Abstract Background Hepatitis B core antibody (anti‐HBc) screening has been implemented in many blood establishments to help prevent transmission of hepatitis B virus (HBV), including from donors with occult HBV infection (OBI). We review HBV screening algorithms across blood establishments globally and their potential effectiveness in reducing transmission risk. Materials and Methods A questionnaire on HBV screening and follow‐up strategies was distributed to members of the International Society of Blood Transfusion working party on transfusion‐transmitted infectious diseases. Screening data from 2022 were assimilated and analyzed. Results A total of 30 unique responses were received from 25 countries. Sixteen respondents screened all donations for anti‐HBc, with 14 also screening all donations for HBV DNA. Anti‐HBc prevalence was 0.42% in all blood donors and 1.19% in new donors in low‐endemic countries; however, only 44% of respondents performed additional anti‐HBc testing to exclude false reactivity. 0.68% of anti‐HBc positive, HBsAg‐negative donors had detectable HBV DNA. Ten respondents did universal HBV DNA screening without anti‐HBc, whereas four respondents did not screen for either. Deferral strategies for anti‐HBc positive donors were highly variable.
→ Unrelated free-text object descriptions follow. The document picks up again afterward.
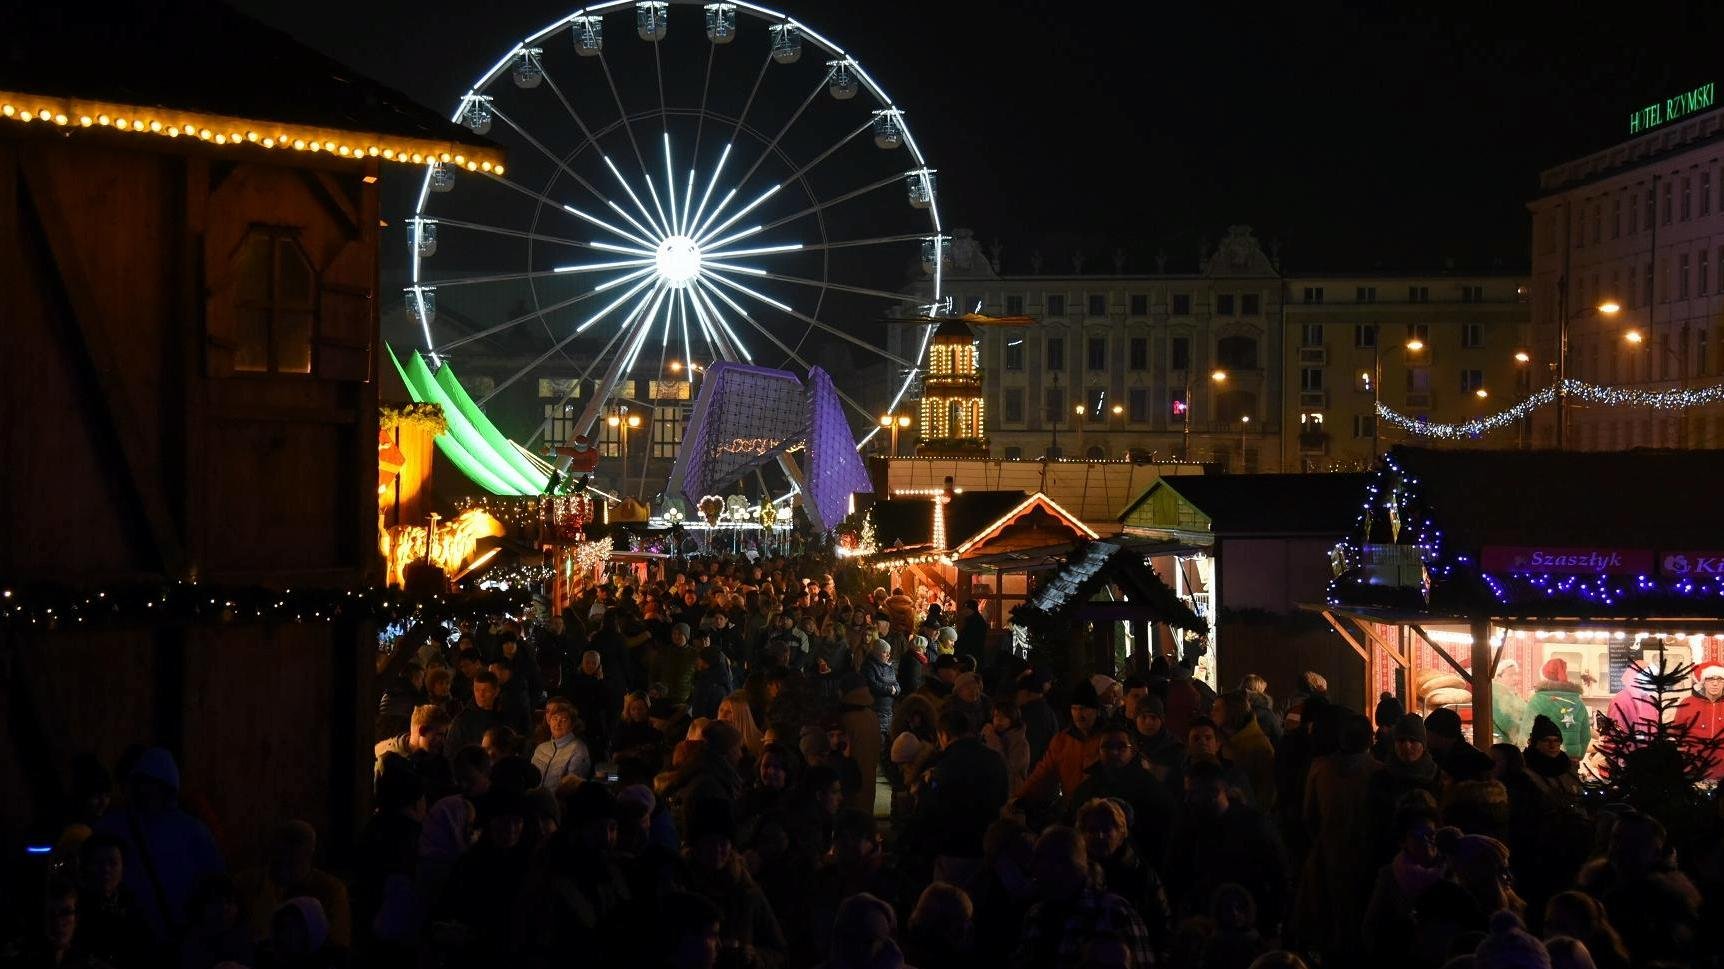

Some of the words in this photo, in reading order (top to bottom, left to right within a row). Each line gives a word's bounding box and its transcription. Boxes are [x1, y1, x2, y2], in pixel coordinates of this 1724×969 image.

[1630, 103, 1662, 134] HOTEL
[1666, 82, 1714, 121] RZYMSKI
[1532, 552, 1622, 570] Szaszłyk
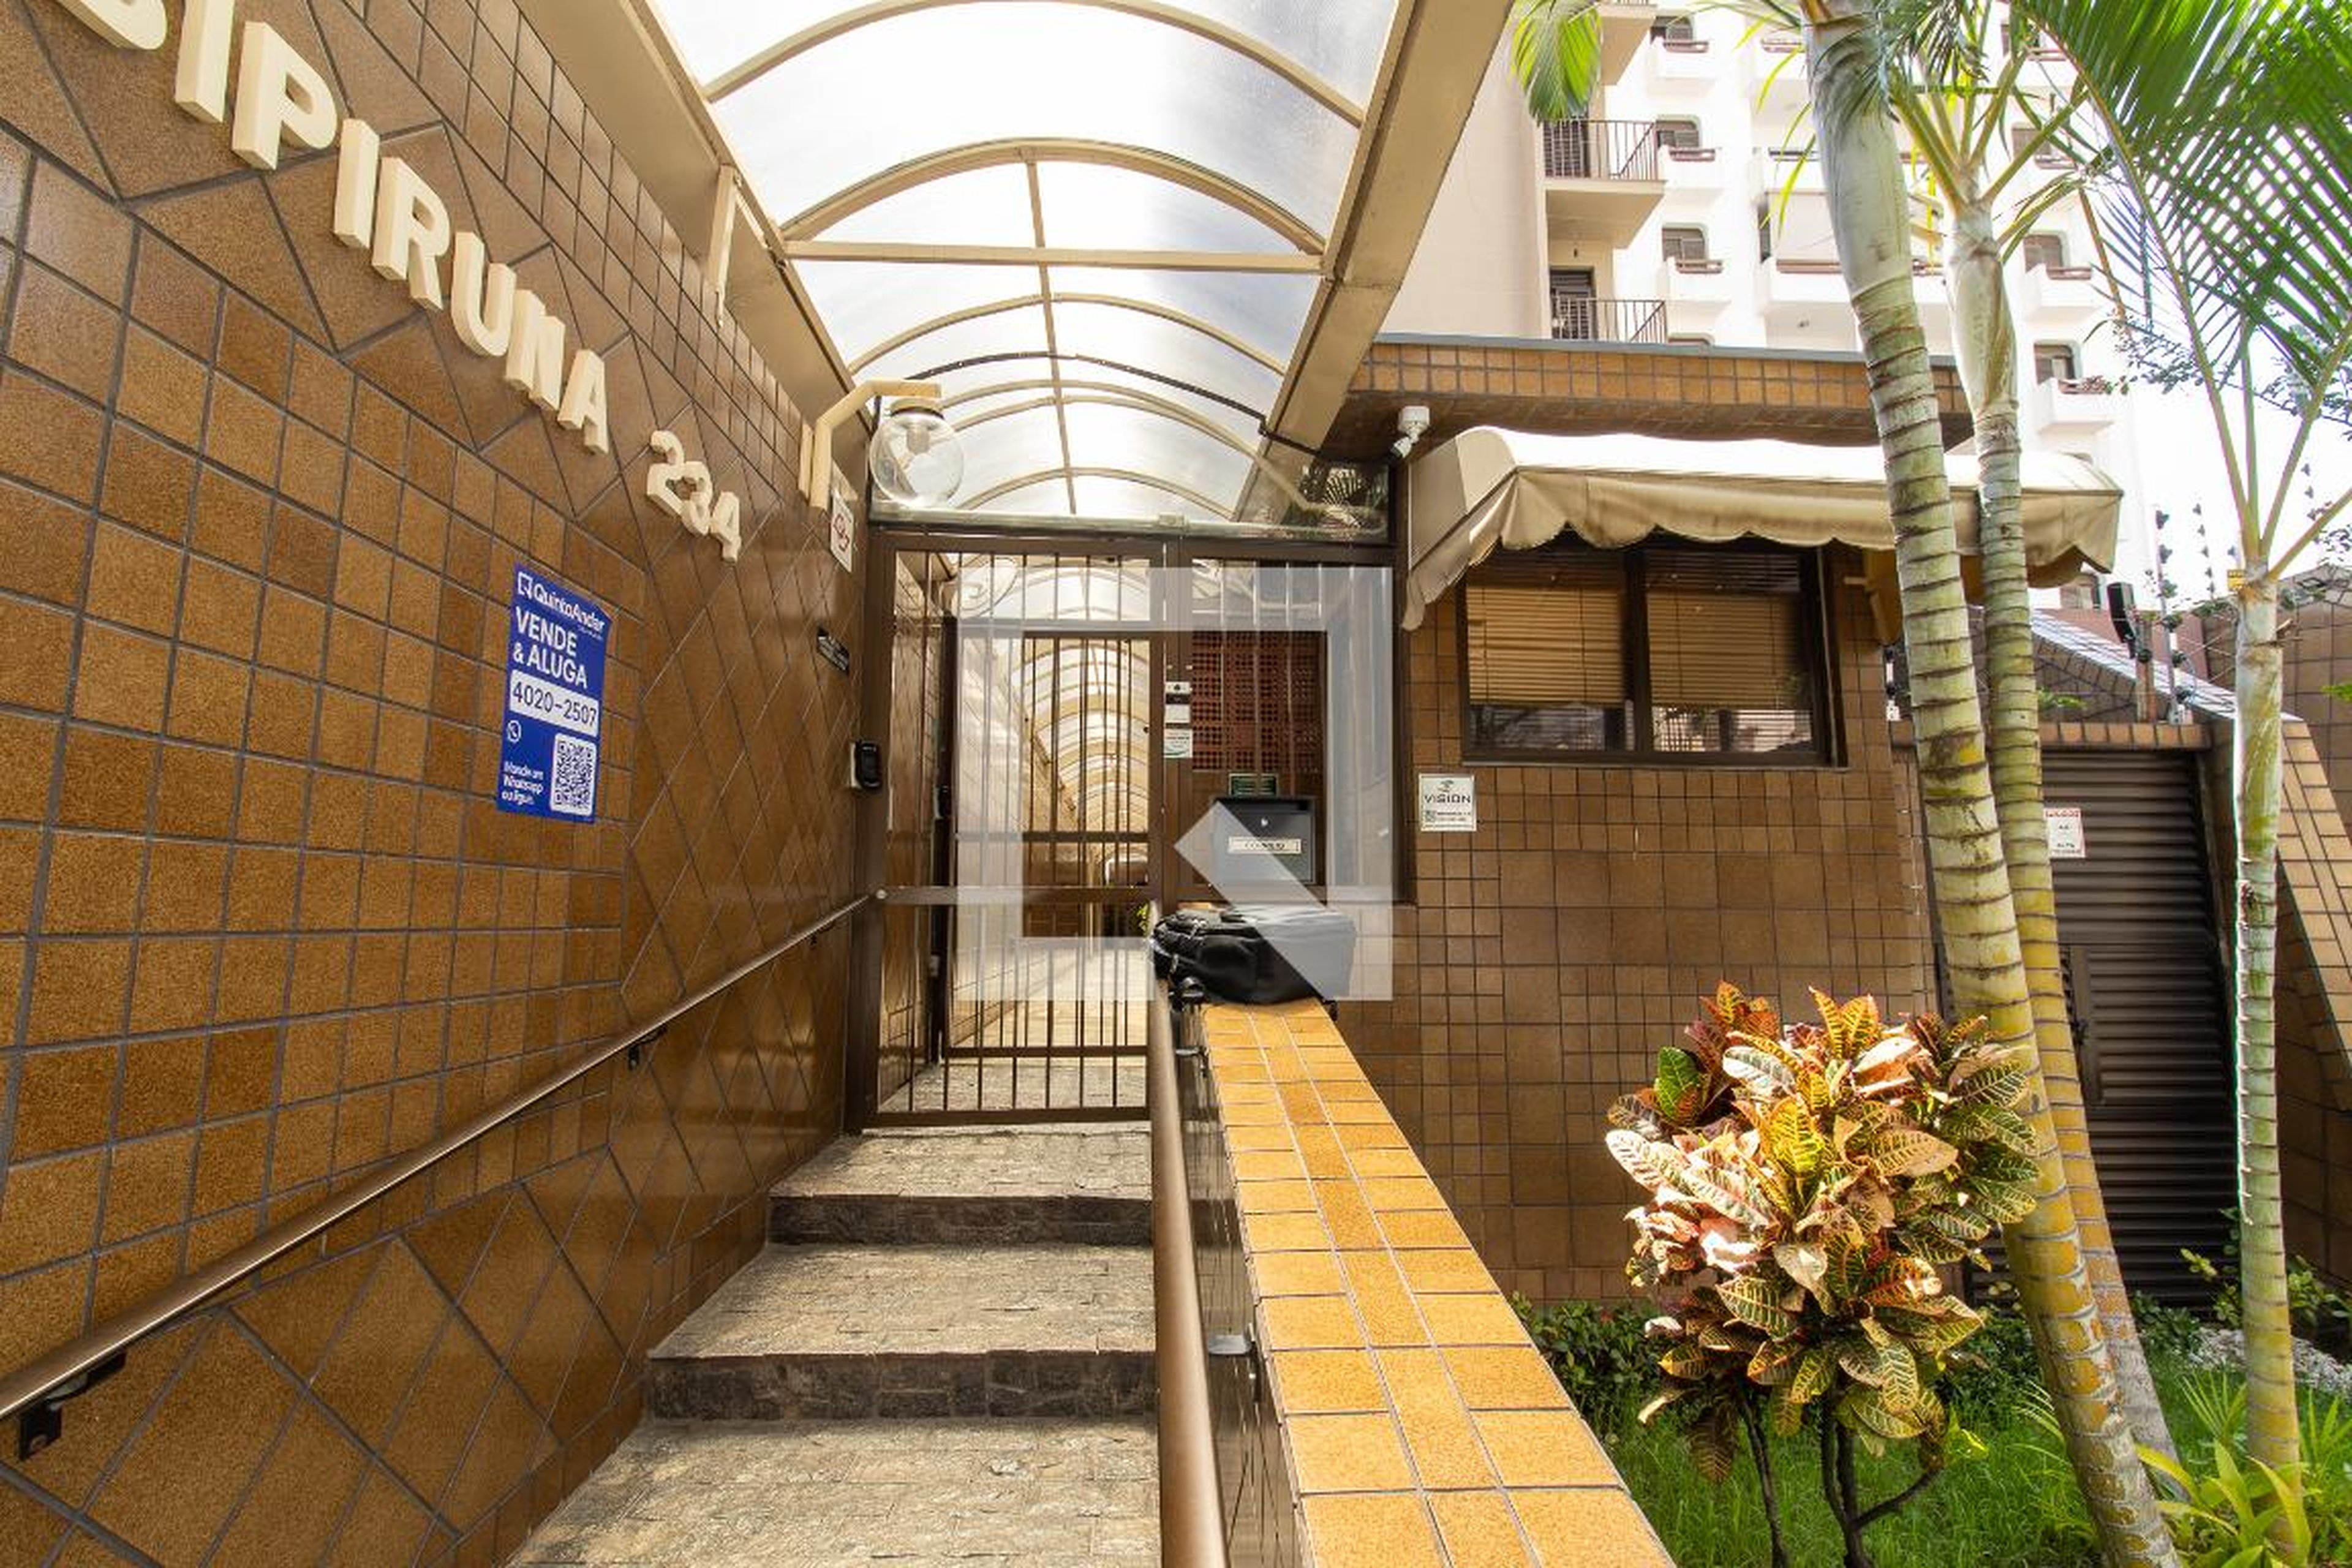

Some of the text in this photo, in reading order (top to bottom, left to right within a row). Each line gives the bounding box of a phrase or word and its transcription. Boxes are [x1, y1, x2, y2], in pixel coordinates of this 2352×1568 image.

[647, 430, 741, 562] 234
[515, 606, 578, 657] VENDE
[513, 643, 587, 689] & ALUGA
[513, 681, 597, 727] 4020-2507
[1425, 794, 1471, 804] VISION
One transfusion‐transmission from an anti‐HBc negative donor was reported. Discussion Anti‐HBc screening identifies donors with OBI but also results in the unnecessary deferral of a significant number of donors with resolved HBV infection and donors with false‐reactive anti‐HBc results. Whilst confirmation of anti‐HBc results could be improved to reduce donor deferral, transmission risks associated with anti‐HBc negative OBI donors must be considered. In high‐endemic areas, highly sensitive HBV DNA testing is required to identify infectious donors.